-- Exercise instructions --
Your response is a verbatim copy of the listing, stripped of its images.

========================================

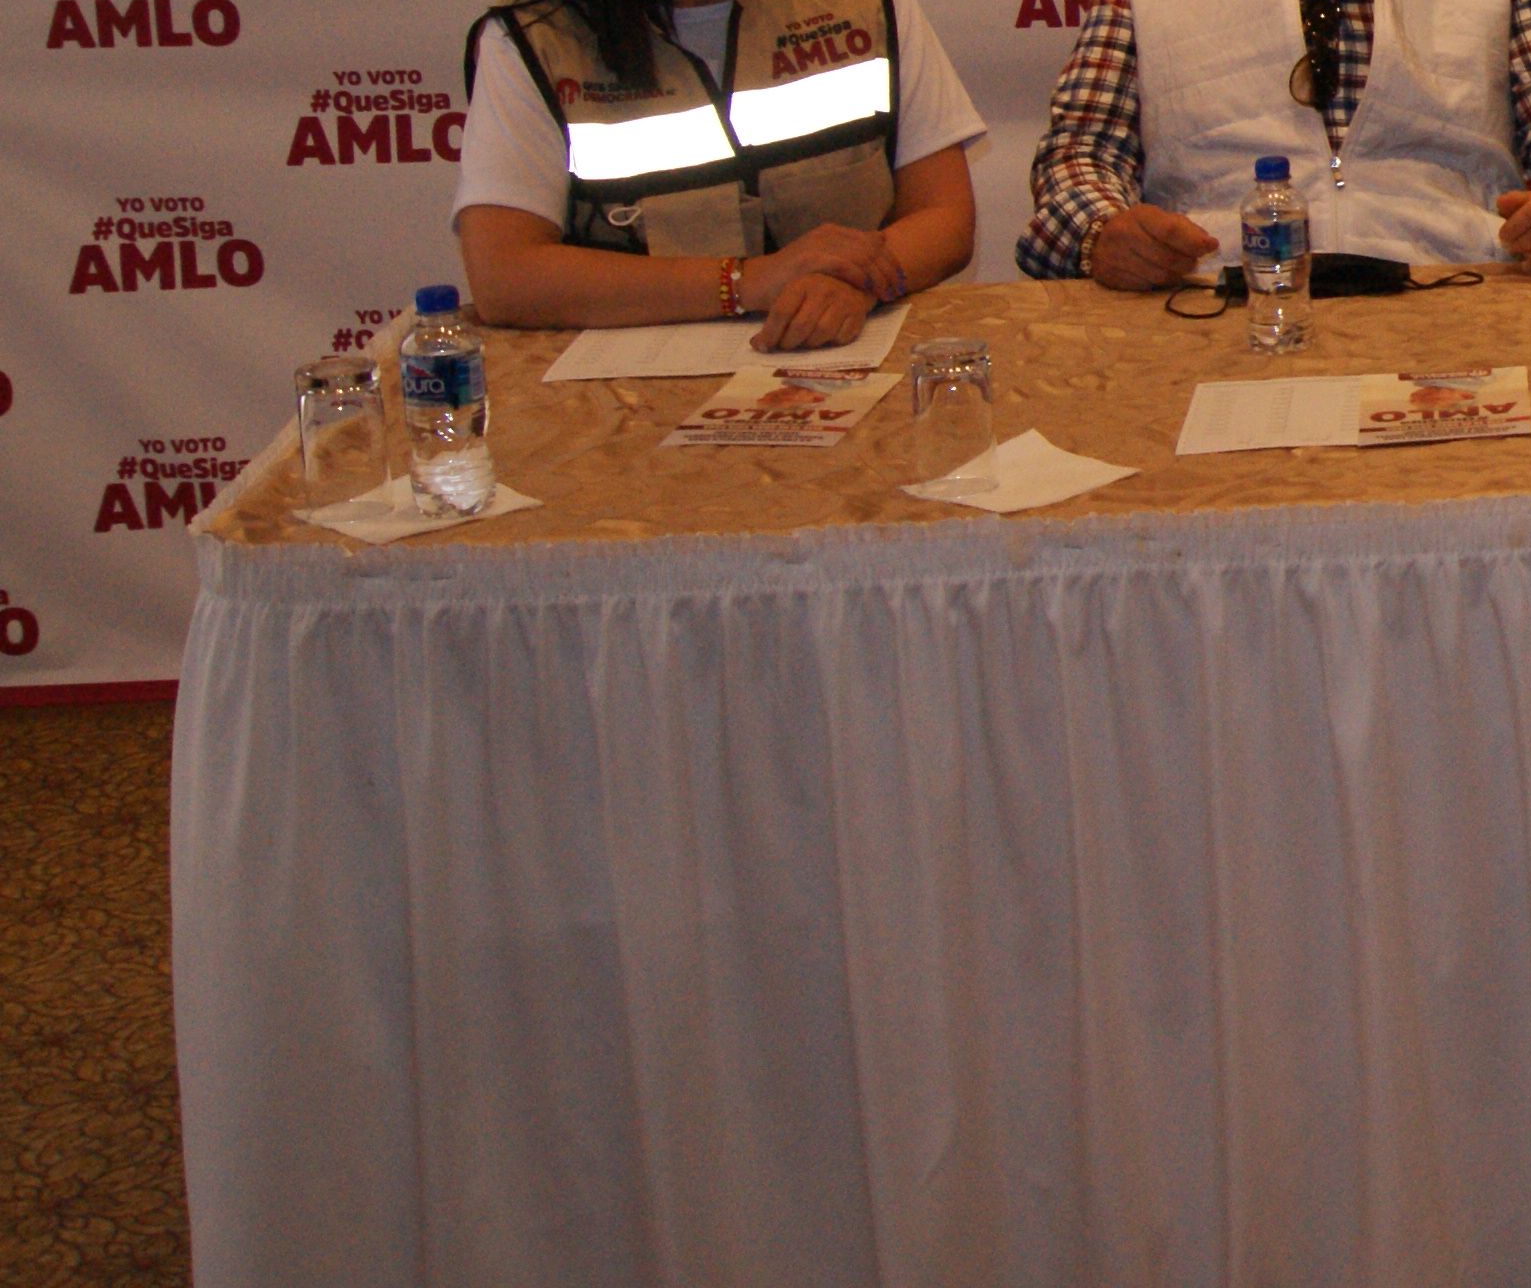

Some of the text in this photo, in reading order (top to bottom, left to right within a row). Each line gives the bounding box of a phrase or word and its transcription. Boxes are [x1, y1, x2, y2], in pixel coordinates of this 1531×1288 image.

[776, 19, 852, 49] #QueSiga
[786, 12, 834, 32] YO VOTO
[771, 28, 873, 80] AMLO
[116, 197, 205, 213] YO VOTO
[92, 211, 234, 241] #QueSiga
[69, 237, 265, 295] AMLO

========================================

-- Solution to this problem --
Some of the text in this photo, in reading order (top to bottom, left to right within a row). Each line gives the bounding box of a phrase or word and its transcription. Boxes are [x1, y1, x2, y2], in pixel coordinates of this 1531×1288 image.

[776, 19, 852, 49] #QueSiga
[786, 12, 834, 32] YO VOTO
[771, 28, 873, 80] AMLO
[116, 197, 205, 213] YO VOTO
[92, 211, 234, 241] #QueSiga
[69, 237, 265, 295] AMLO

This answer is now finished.